Flip the Script

Opportunities for the environmental movement to better engage Black, Indigenous, and Womxn of Color

AS A CISGENDER WOMAN of South Asian Indian descent who has decided to make a career in the environmental space, I often get asked to discuss challenges faced by people with marginalized identities in the environmental and conservation space. A part of me gets it: Black womxn, Indigenous womxn, and womxn of color (BIWOC) in particular do face some challenges. But viewing inclusion and equity as a challenge, rather than an opportunity, is where the environmental movement often stumbles and fails.

Black womxn, Indigenous womxn, and womxn of color (BIWOC) are not a challenge for mainstream environmental groups; they are an opportunity. Photo courtesy of Aparna Rajagopal-Durbin.

True, BIWOC are underrepresented in mainstream environmental organizations, and particularly in the Big Green sector (check out data from Green 2.0). And notwithstanding the mainstream environmental movement’s push to recruit BIWOC into entry level positions, we continue to be underrepresented in leadership positions.

The recruitment, retention, promotion, and engagement of BIWOC can seem daunting to mainstream environmental groups. But the reality is quite different. We are not a challenge; we are an opportunity. And the opportunity lies in reimagining what the “environmental movement” is, and actively dismantling some of the barriers we face. So below are some common misperceptions about BIWOC and the environmental movement, and ways organizations with resources and power can work to change the paradigm.

“BIWOC are not involved in environmentalism.” Though well-intentioned, this statement amounts to erasure of the efforts of BIWOC throughout history to address environmental issues, as well as the work of BIWOC leaders of today. BIWOC have been on the front lines of environmental justice advocacy since the beginning — often because they and children of color are disproportionately impacted by environmental harm. Here I think of Dolores Huerta and womxn delegates at the First National People of Color Environmental Summit in 1991. BIWOC continue to lead organizations that connect communities in meaningful ways to their environment. Here I think of Rue Mapp of Outdoor Afro, Jaylyn Gough of Native Women’s Wilderness, and Jolie Valera of Indigenous Women Hike, among others. BIWOC were pivotal in important environmental events in history as well as in shaping the environmental ethos that mainstream organizations embrace. Here I think of Zilpa White, a freed slave who lived independently on Walden Pond prior to Henry David Thoreau, who had no choice but to live “off the grid,” and who actually served as an inspiration to Thoreau (for more information, read “Black Walden).

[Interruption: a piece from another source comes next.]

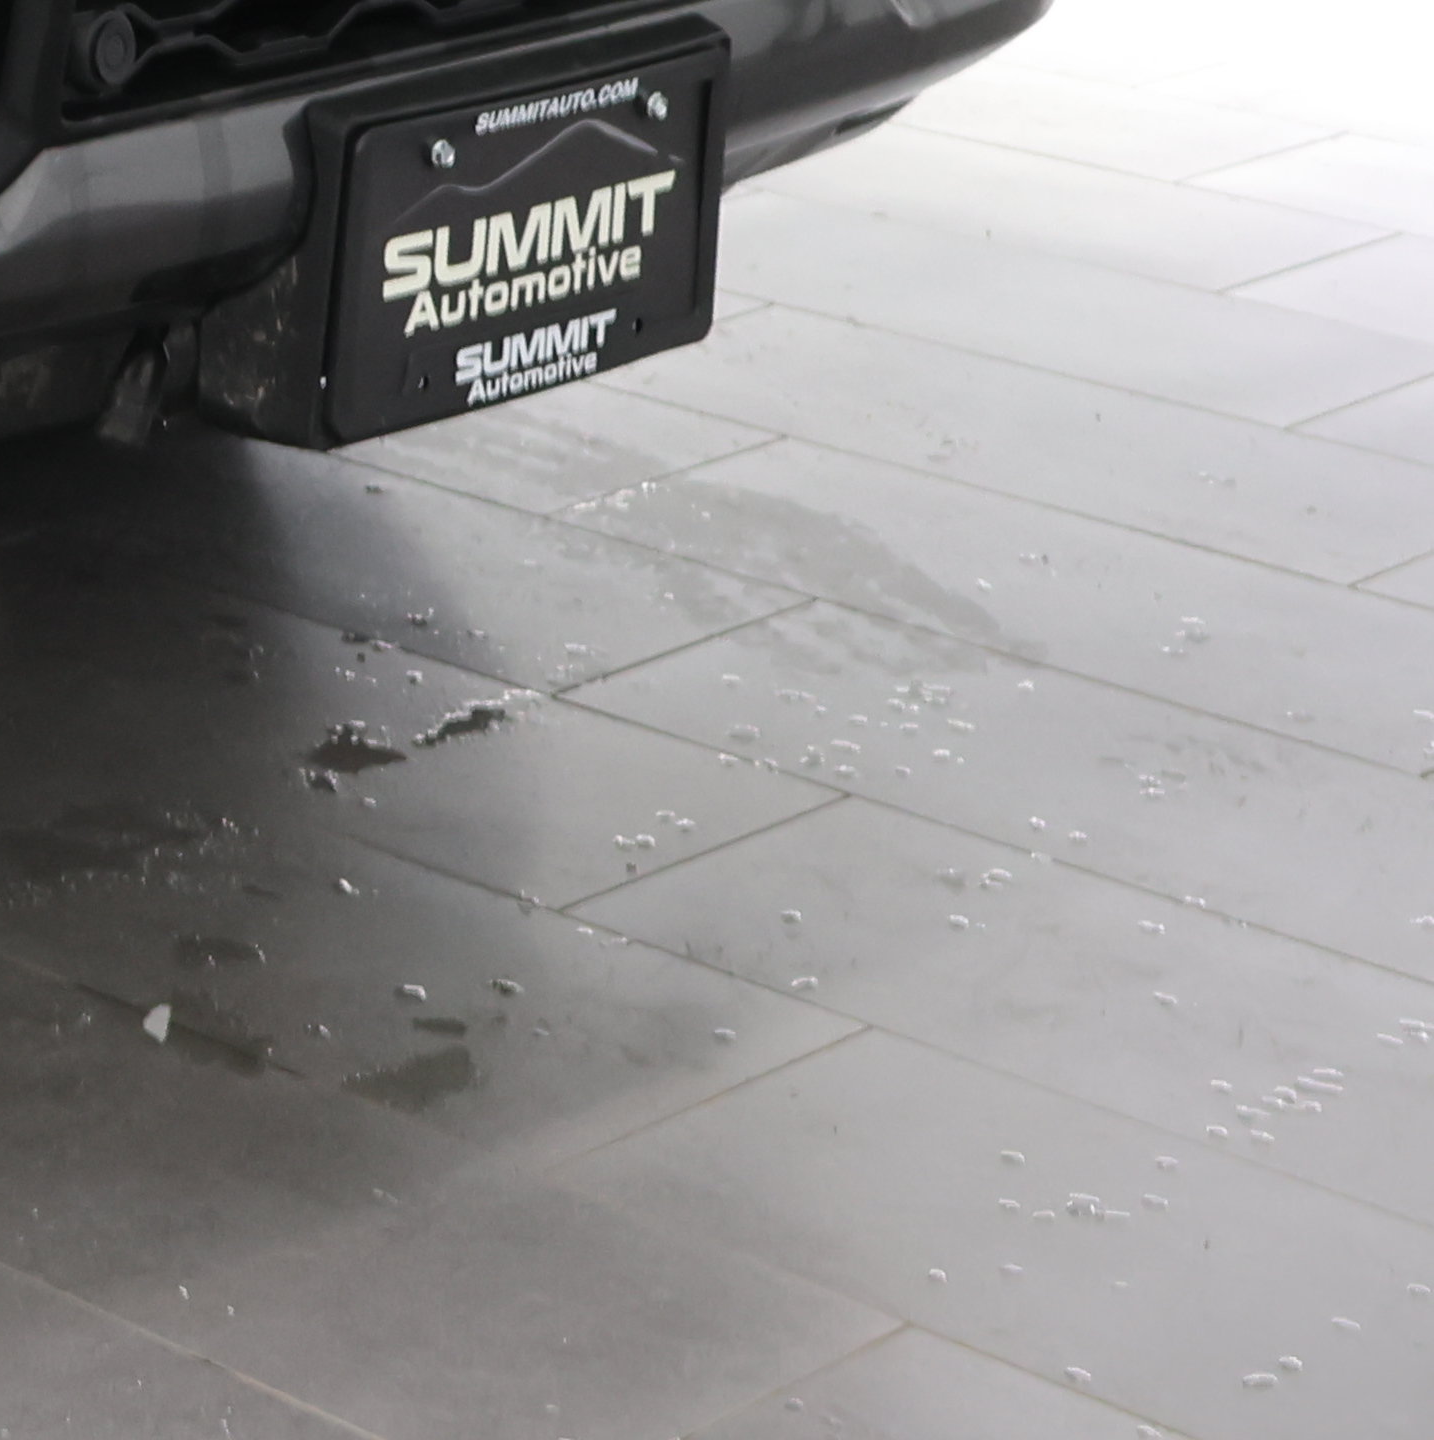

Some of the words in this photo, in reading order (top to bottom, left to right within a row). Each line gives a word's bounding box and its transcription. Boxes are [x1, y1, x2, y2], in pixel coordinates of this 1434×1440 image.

“BIWOC should reclaim their space in the environmental and public lands movement. After all these lands are all of ours.” This statement has been a rallying cry of the public lands conservation sector, which has been clamoring to involve more people of color in their work because the votes of the growing majority are pivotal to their advocacy efforts. But this statement constitutes a different kind of erasure, one that perpetuates colonialism by erasing the centuries of genocide, removal, dispossession, assimilation, and dehumanization of Indigenous people by the US government and White settlers in service of creating public lands (among other things). This means that I (as a non-Indigenous womxn) don’t use a possessive narrative around public lands. This means that I refrain from using the term “people of color” in a sweeping and simple way to refer to an entire group of people as if they are a monolith. There is so much diversity amongst us. And this also means I need to acknowledge settler colonialism and support Indigenous peoples.

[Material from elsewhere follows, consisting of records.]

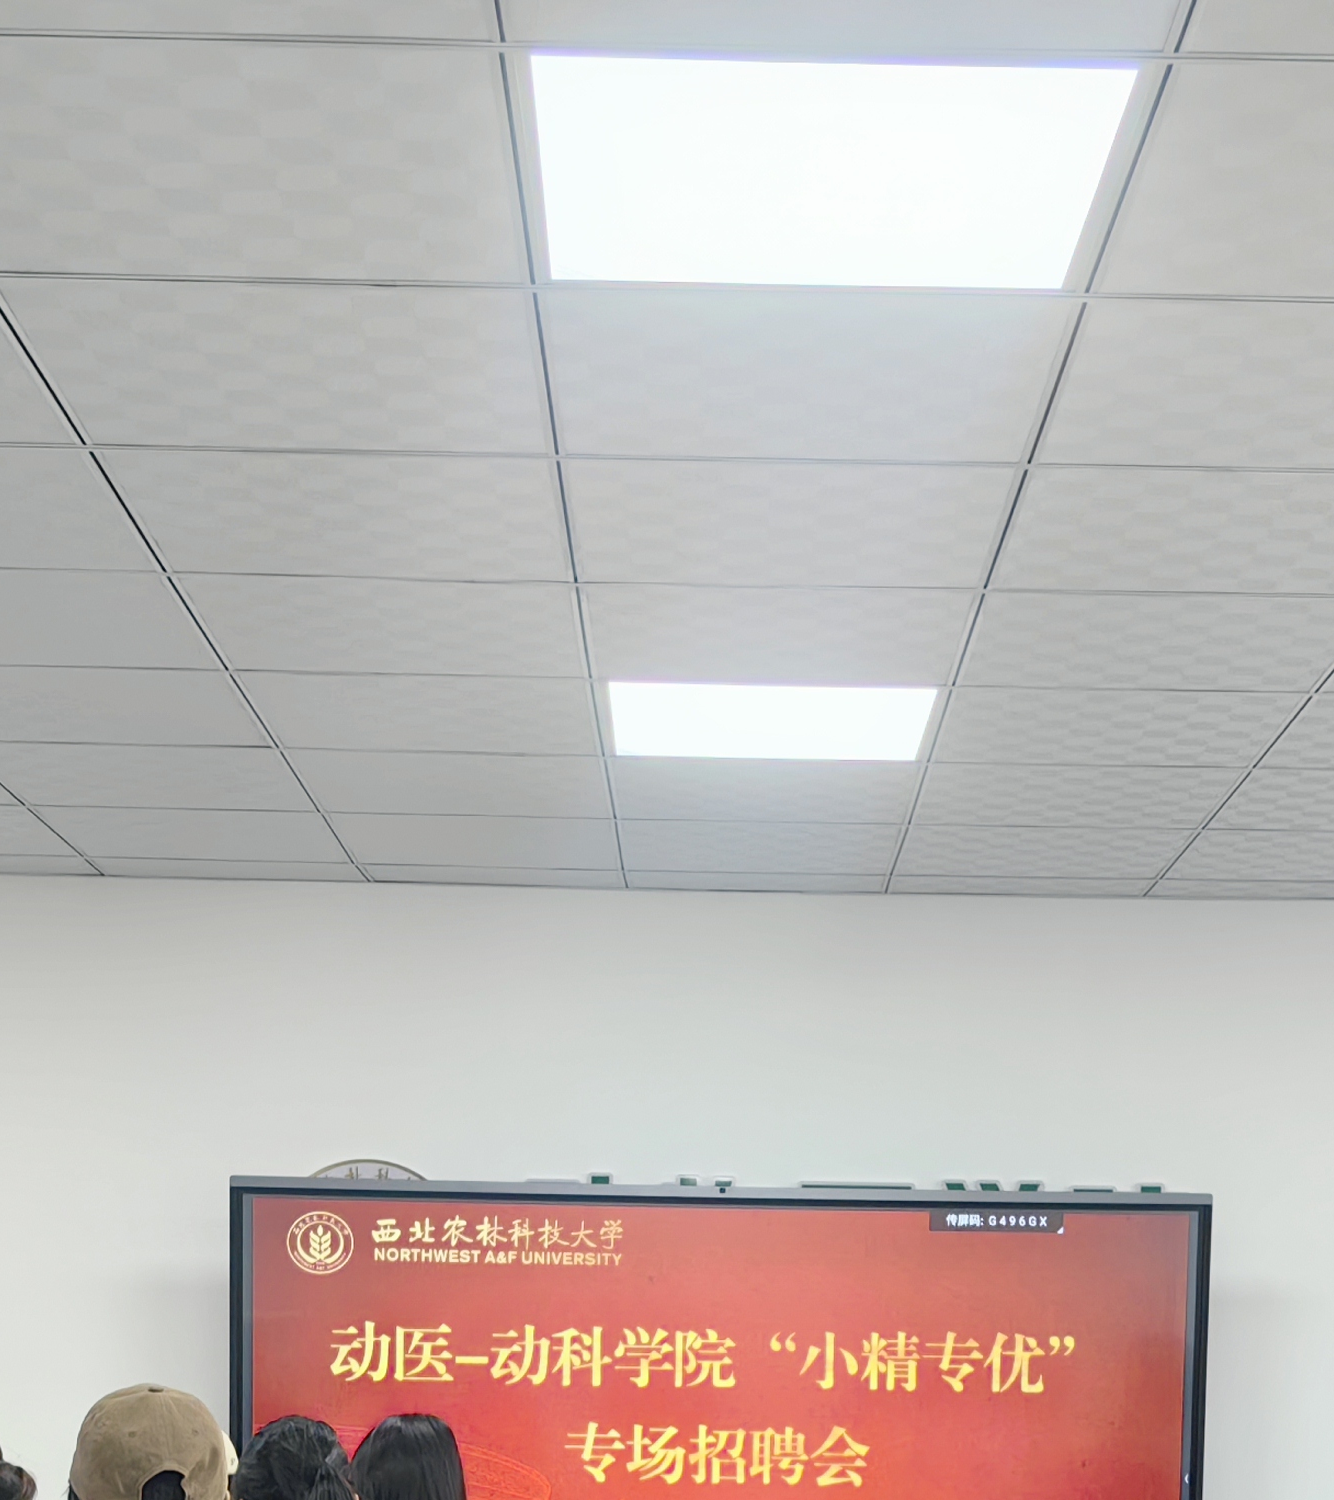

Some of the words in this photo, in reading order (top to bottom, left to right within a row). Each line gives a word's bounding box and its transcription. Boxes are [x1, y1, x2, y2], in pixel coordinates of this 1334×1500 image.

[371, 1215, 624, 1249] 西北农林科技大学
[988, 1215, 1048, 1227] G496GX
[374, 1247, 481, 1263] NORTHWEST
[484, 1248, 518, 1264] A&F
[521, 1249, 623, 1266] UNIVERSITY
[564, 1421, 871, 1487] 专场招聘会

“As one of few BIWOC in this movement, you should serve on a panel to speak to ways we can diversify our movement and become more culturally relevant.” This one is tough because I have indulged this request often. But then again, I make my living from doing this work. Other BIWOC, especially those who are committing their time to supporting their own communities, are often pressured into speaking for “their people,” which can be oppressive on many fronts. First, it feels tokenizing to be asked to speak simply because of our identities. Second, it feels as if we’re asked to speak for an entire group of people simply because we all share an identity. And finally, my colleagues are asked to speak but often not compensated or supported in return.

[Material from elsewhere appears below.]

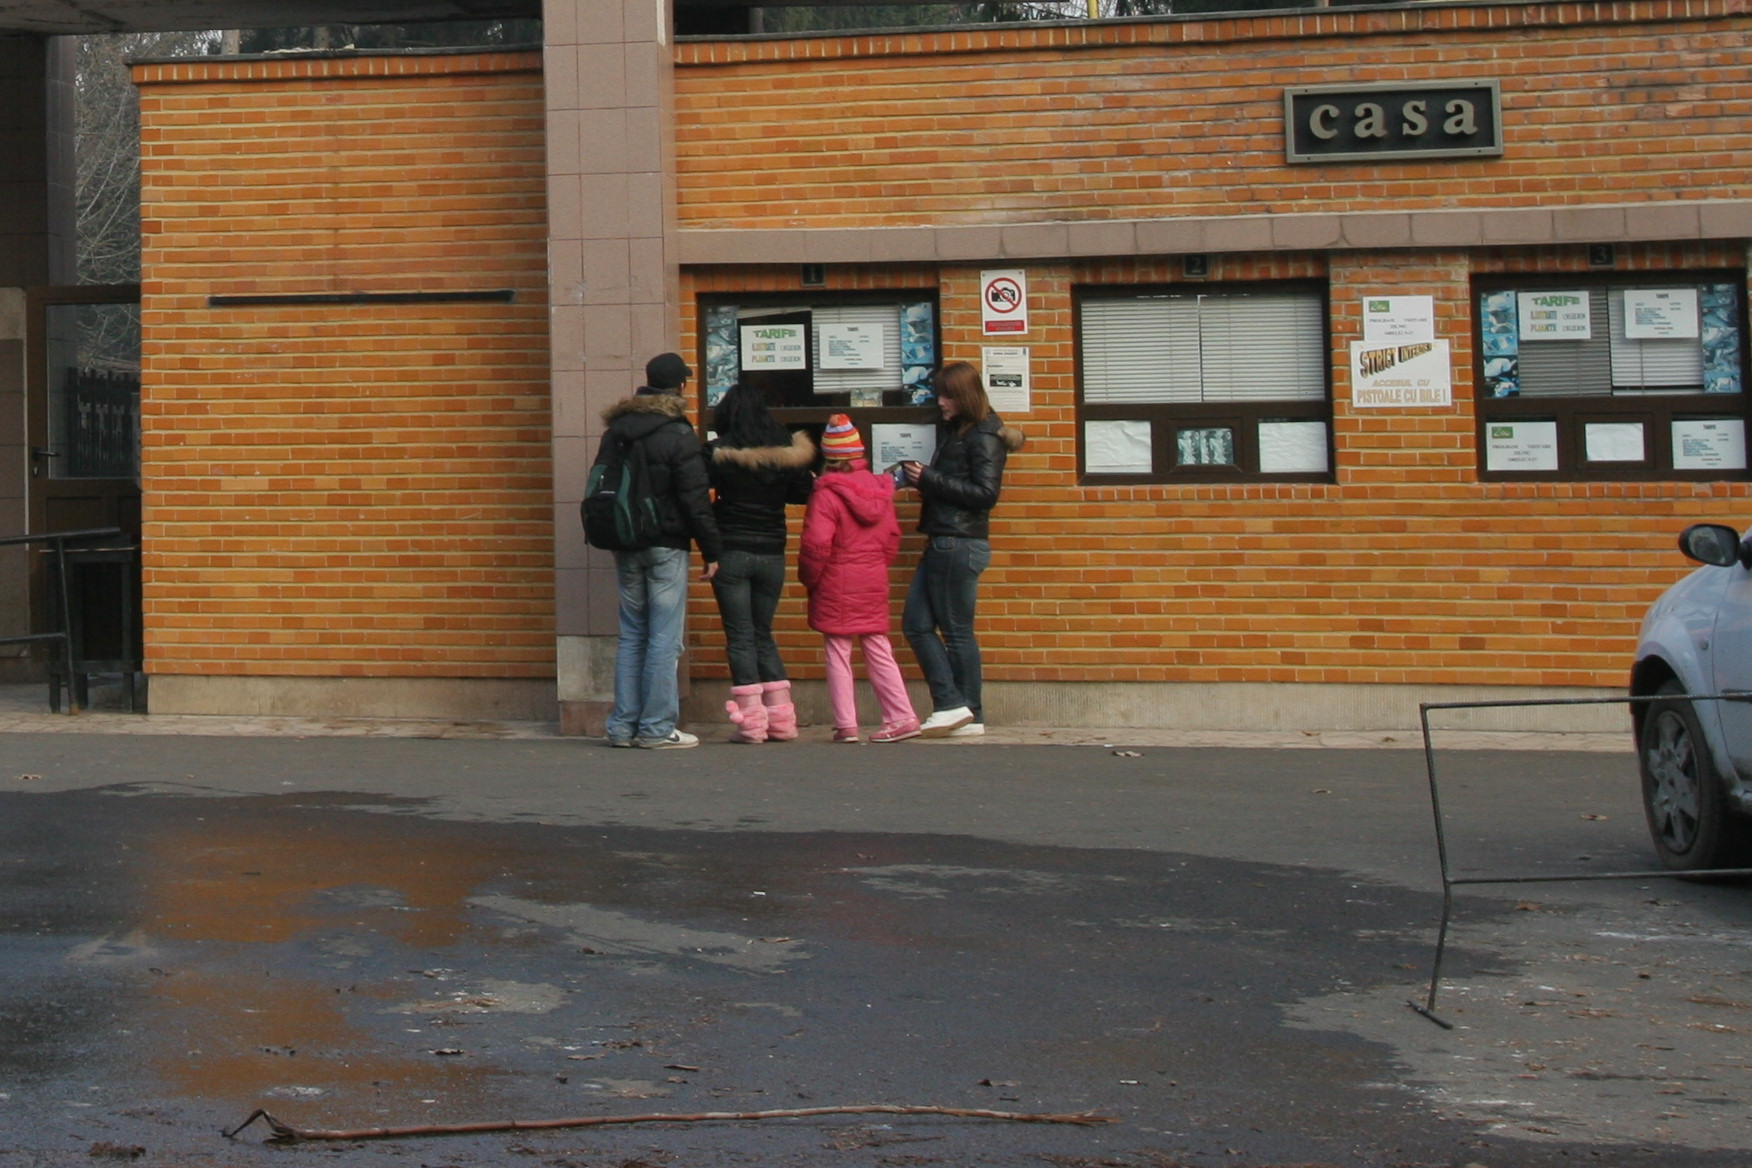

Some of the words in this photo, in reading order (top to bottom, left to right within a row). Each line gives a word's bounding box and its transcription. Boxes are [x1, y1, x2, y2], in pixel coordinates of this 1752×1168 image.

[1309, 96, 1478, 139] casa
[753, 328, 797, 339] TARIFE
[1360, 347, 1396, 378] STRICT

“We’ll give you funding once you create a theory of change, a logic model, show you’ve applied for 501(c)(3) status, and create world peace.” Ok that last piece was facetious, but the point is that organizations of color receive disproportionately less funding than white-led organizations, and BIWOC-led organizations even less. Ironically, studies show that the fastest growing group of entrepreneurs are BIWOC, who are bucking the system and establishing their own organizations to do the work of community engagement and equity that the mainstream environmental movement has struggled to make happen. Logic models, theories of change, flow charts, and business plans are all hallmarks of a dominant culture that is attached to linear thinking and frameworks and documents and research (I find this piece on White Supremacy culture helpful in unpacking this one). As long as foundations and grantors continue to make funding contingent upon organizations jumping through this many hoops, BIWOC will continue to be underfunded.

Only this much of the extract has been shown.